Take your pick: smartphone as relic, like the shinbone of some Dark Ages saint, or smartphone as shackle. But either way, there's no escape. The science fiction writer William Gibson told me many years ago that his cyberpunk dystopias should always be read as commentaries on the present. No wonder this summer's wild tales of doom can't let the smartphone go. If the present cannot be conceived without the smartphone than neither can the future.

But why such gloom? Dystopian visions have always been a science fiction staple, but the current foul harvest is hard to square with, say, the enthusiasm sure to greet the iPhone 6 or the ebullience that pours out of Silicon Valley every day, burbling like an uncapped fire hydrant.
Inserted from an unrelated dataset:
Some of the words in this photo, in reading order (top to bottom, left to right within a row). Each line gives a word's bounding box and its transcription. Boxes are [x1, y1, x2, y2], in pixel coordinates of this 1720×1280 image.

Presumably, the smartphone has achieved near-ubiquitous adoption because it is useful and makes our lives better -- or at least more convenient. Depending on their degree of libertarian utopianism, today's tech moguls, from Jeff Bezos to Sergey Brin to Mark Zuckerberg, profess profound faith that our new networked technologies will help us fix a broken world, and liberate us all from oppression.
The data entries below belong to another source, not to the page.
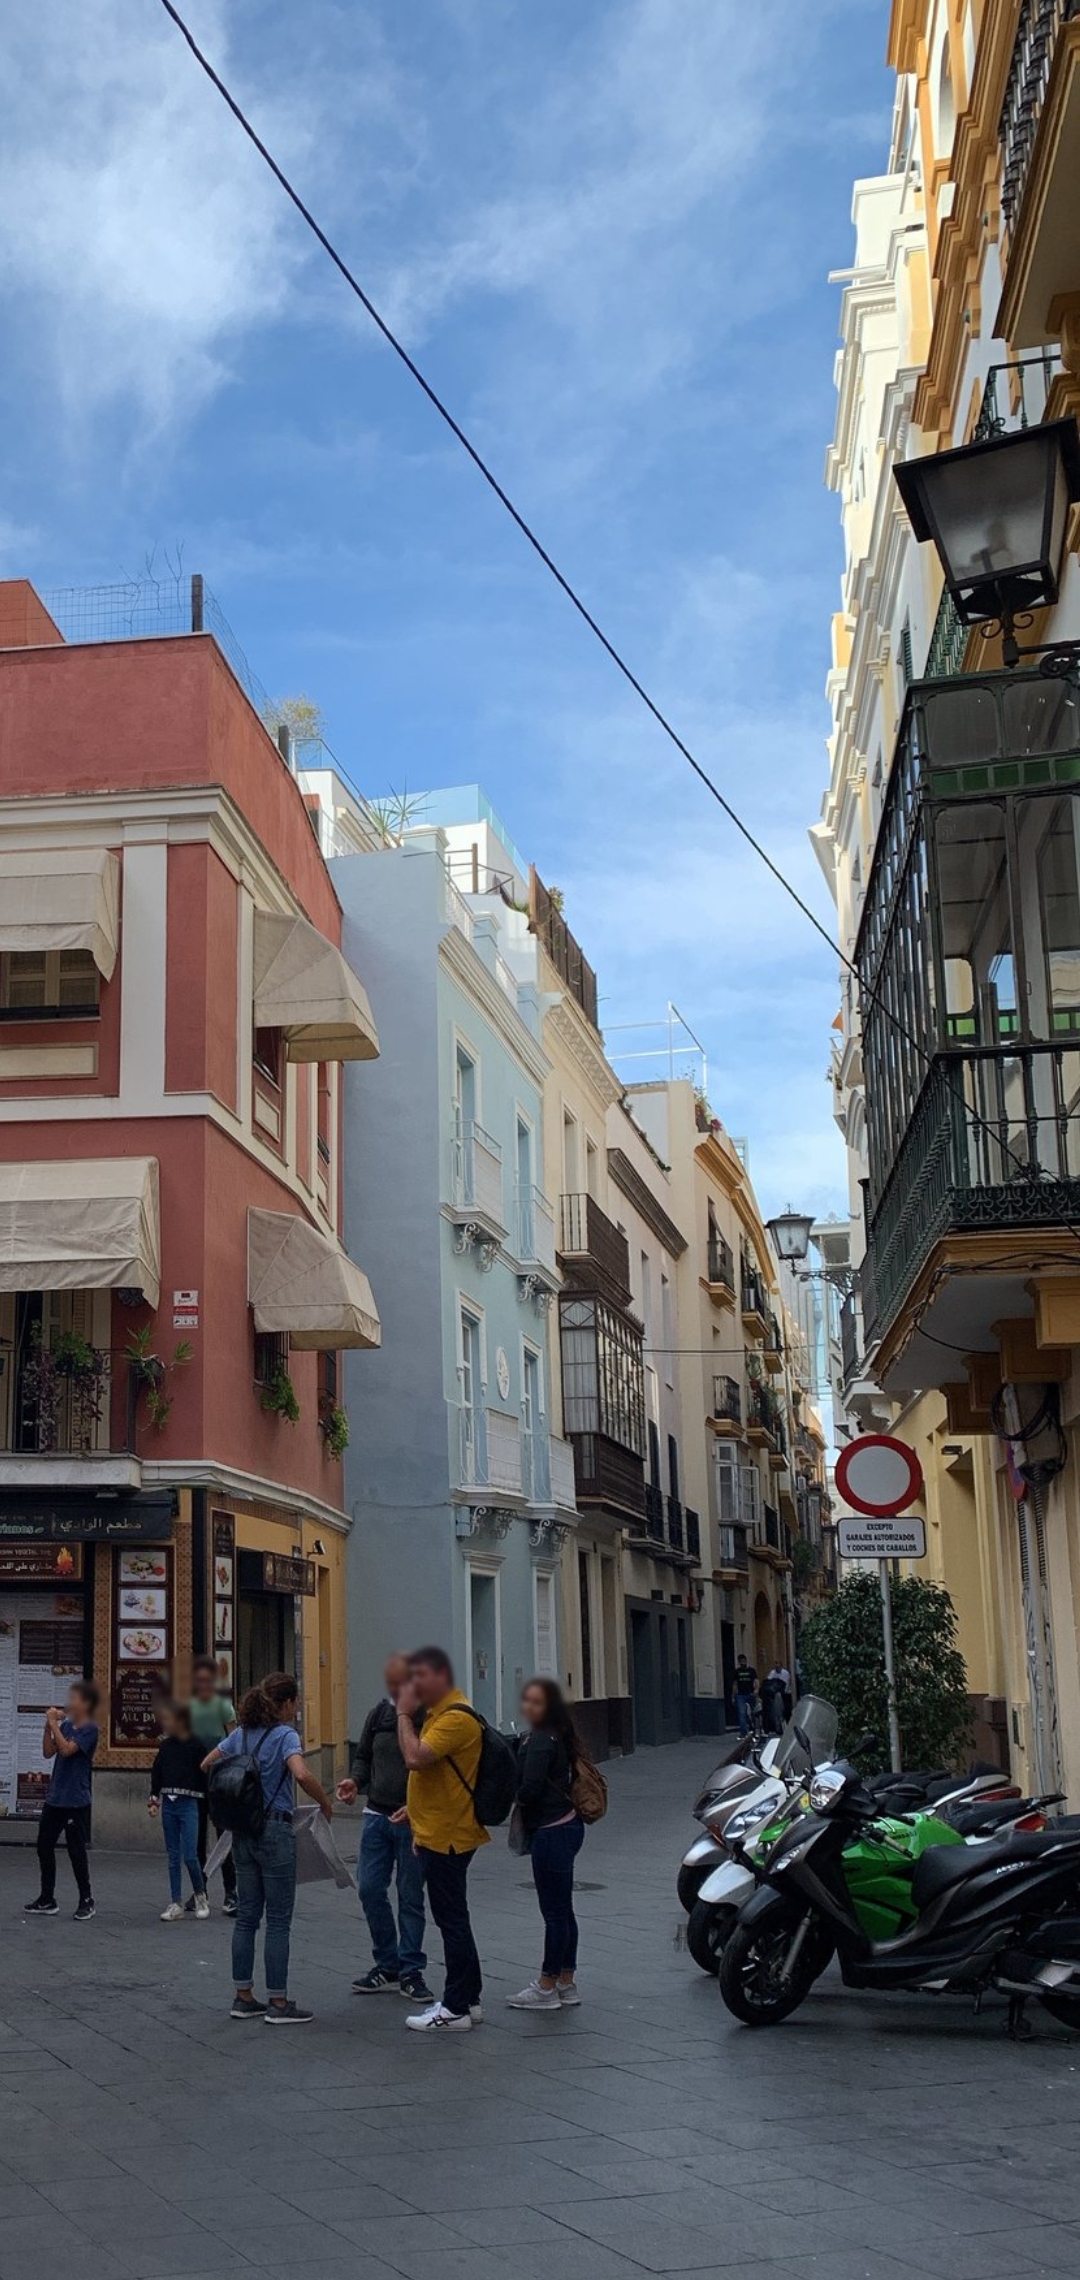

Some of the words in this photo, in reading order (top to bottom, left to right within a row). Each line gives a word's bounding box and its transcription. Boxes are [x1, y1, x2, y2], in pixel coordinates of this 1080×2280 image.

[106, 1518, 142, 1534] مطعم
[866, 1523, 893, 1531] EXCEPTO
[873, 1533, 915, 1541] AUTORIZADOS
[847, 1544, 851, 1552] Y
[852, 1544, 876, 1552] COCHES
[877, 1544, 885, 1552] DE
[886, 1543, 917, 1552] CABALLOS
[121, 1712, 139, 1722] ALL
[143, 1713, 156, 1723] DA
And yet, here is "California," a future where everything is broken. And here is "Whiskey Tango Foxtrot," a future where the smartphone is the final instrument of totalitarian oppression. The two strains of dysfunction are quite different. In "California" nothing works. In "WTF" everything works too well. But both books speak to a deep unease about the present moment, a sense that despite all our amazing technological progress, something is wrong.

So what's the problem?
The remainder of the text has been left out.